Because no-one else was
doing it. Okay, I didn't look all that hard, but I don't
think anyone else is doing anything quite like this site. I have long
been interested in the process of learning. I
have long been looking for something, some book, some site, that has
collected together all the information on learning and made some
unified sense of all the differing views and theories. As I couldn't
see that anyone else had done such a thing, I decided to do it
myself. I have gone on a journey of discovery about how people
learn, and I invite you to share what I have learned.
To
improve humanity. This
site holds, that it is the individual's most fundamental, god given
right, to decide what ideas should go into his mind. Down through the
ages, there has been a continual struggle between those who would
control others, and those who would break free and think for
themselves.
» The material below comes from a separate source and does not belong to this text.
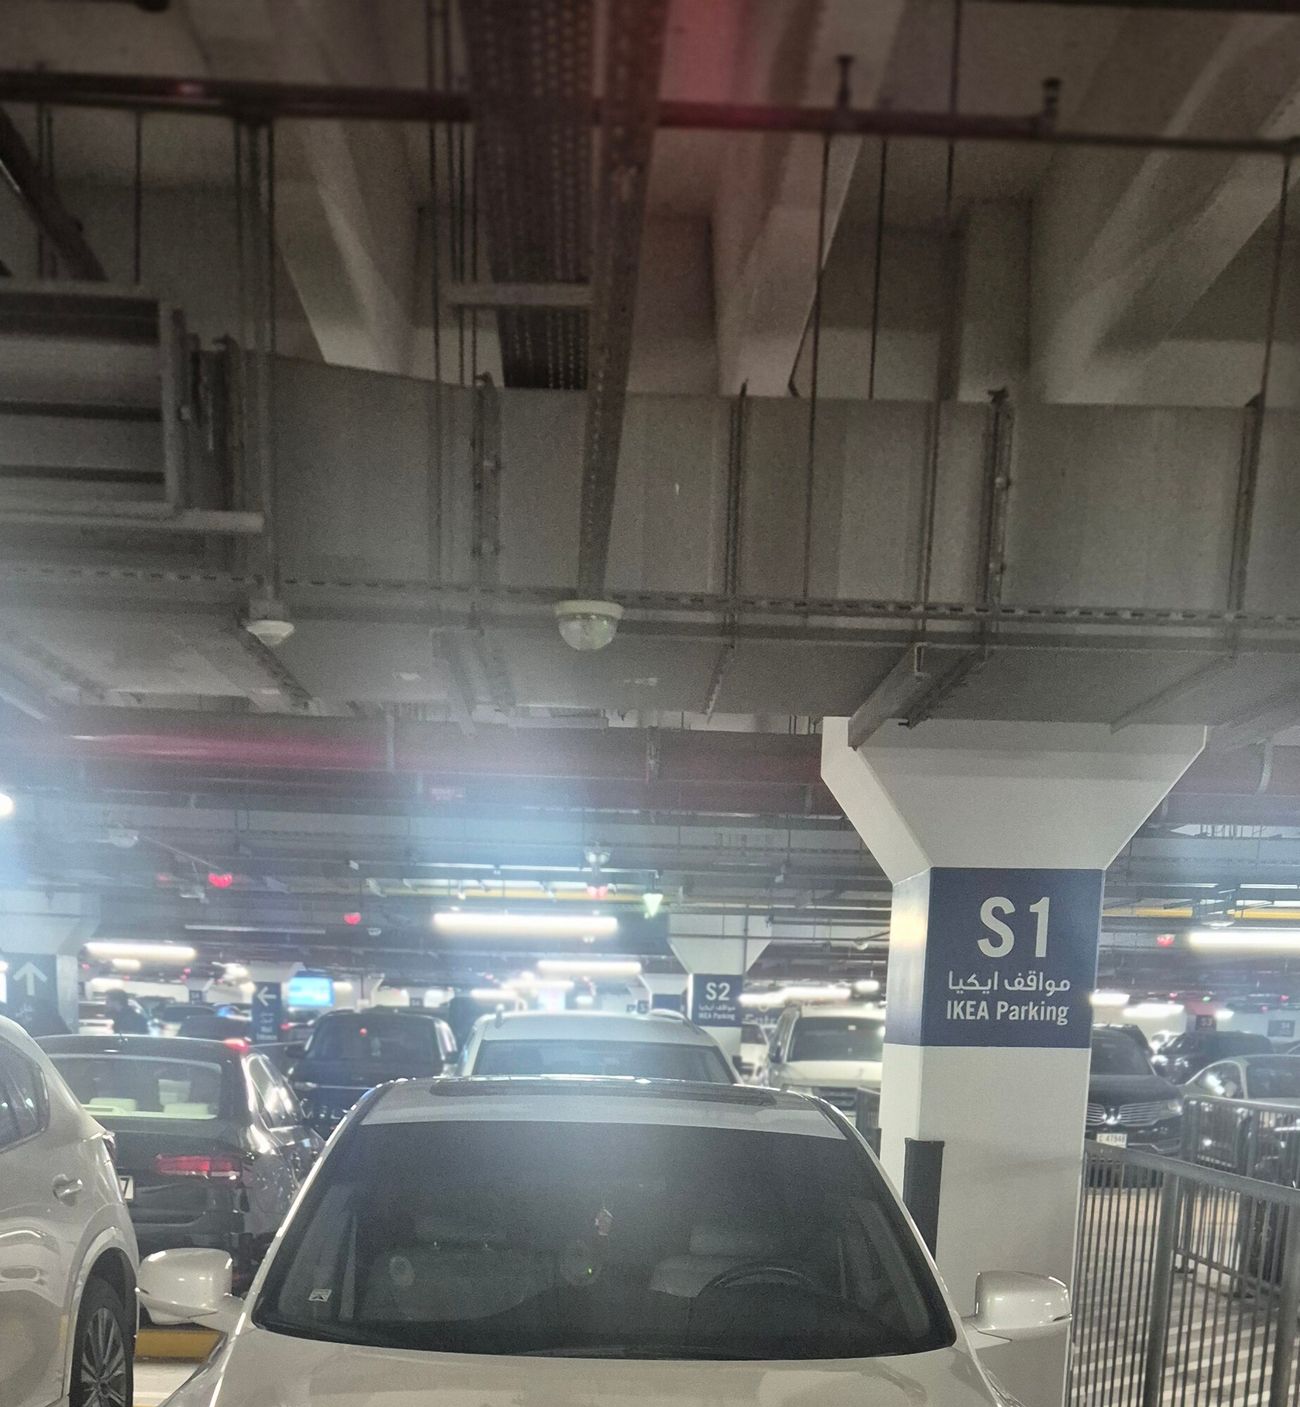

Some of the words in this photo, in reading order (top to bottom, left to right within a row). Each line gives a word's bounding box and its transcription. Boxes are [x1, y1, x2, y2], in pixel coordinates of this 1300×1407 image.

When I was growing up it seemed as if a group of people had
finally understood the answer; that in order to become truly free, we
had to start with our youngest members, our infants, and provide
freedom and rights for them from the beginning.
What I did not understand is that progress goes
in cycles. The door swings one way and then it swings back. Ideas
develop and become more radical till they reach a point that the
society reacts against them, and then we again move back into a period
of repression. The world, the society, becomes progressive and
repressive, back and forth. The hope is that each time the door swings
a bit further forward and a bit less backward. Our hope is that we make
gains that cannot be taken away.
This
is what we see happening to learning. We cannot be sure that we will
win the swinging door struggle. Perhaps there is no winning to be had,
only constant improvement. Indeed as Popper says there is no perfect
system or utopia. The moment we think we are there, somebody will find
something wrong with it. The important thing is to continue to
struggle, and try to change things for the better. Perhaps now is the
time for the door to swing forward again so that the authoritarians
cannot take back the gains we have made, and so we might make some more.
Arrogance or Ignorance?
Although I cannot expect to compete with the great thinkers that are
presented in this site, I have had the audacity to try to amend and
extend their work in an effort to find common ground in their ideas.
Thus I invite any interested parties to share with me in understanding
an overall vision of what learning is. This site maintains that
schooling has little to do with actual learning, and that furthermore,
the degrees that people hold do not establish that anything has been
learned. This site is aimed at general thinkers who are interested in
development through learning.
In his book
"Love
and Addiction" Stanton Peele puts it like this:
(In Schools) "The rewards and
motivations are all pumped in from outside, rather than growing
directly out of the process of learning. Even if something is
intrinsically interesting to a person, studying it within a strict
curriculum and on the basis of a teacher's approval and evaluation will
quickly extinguish the person's desire to explore the material on his
own. A study by Mark Lepper and his colleagues shows that if small
children pursue some activity originally out of natural inclination and
they are then instructed and rewarded by a teacher to perform the same
activity, they will stop performing when the teacher, and the external
structure and approval he provides, are removed. Is it surprising,
then, that when a student emerges from beneath the sanctions of school,
he typically shows no desire to pursue the subjects he was taught in
that context? Or that few adults do any systematic reading for the
purpose of learning about something?"
Learning is what we all can do, and what we all do
to some extent without help. So I believe we are all qualified to
discuss it.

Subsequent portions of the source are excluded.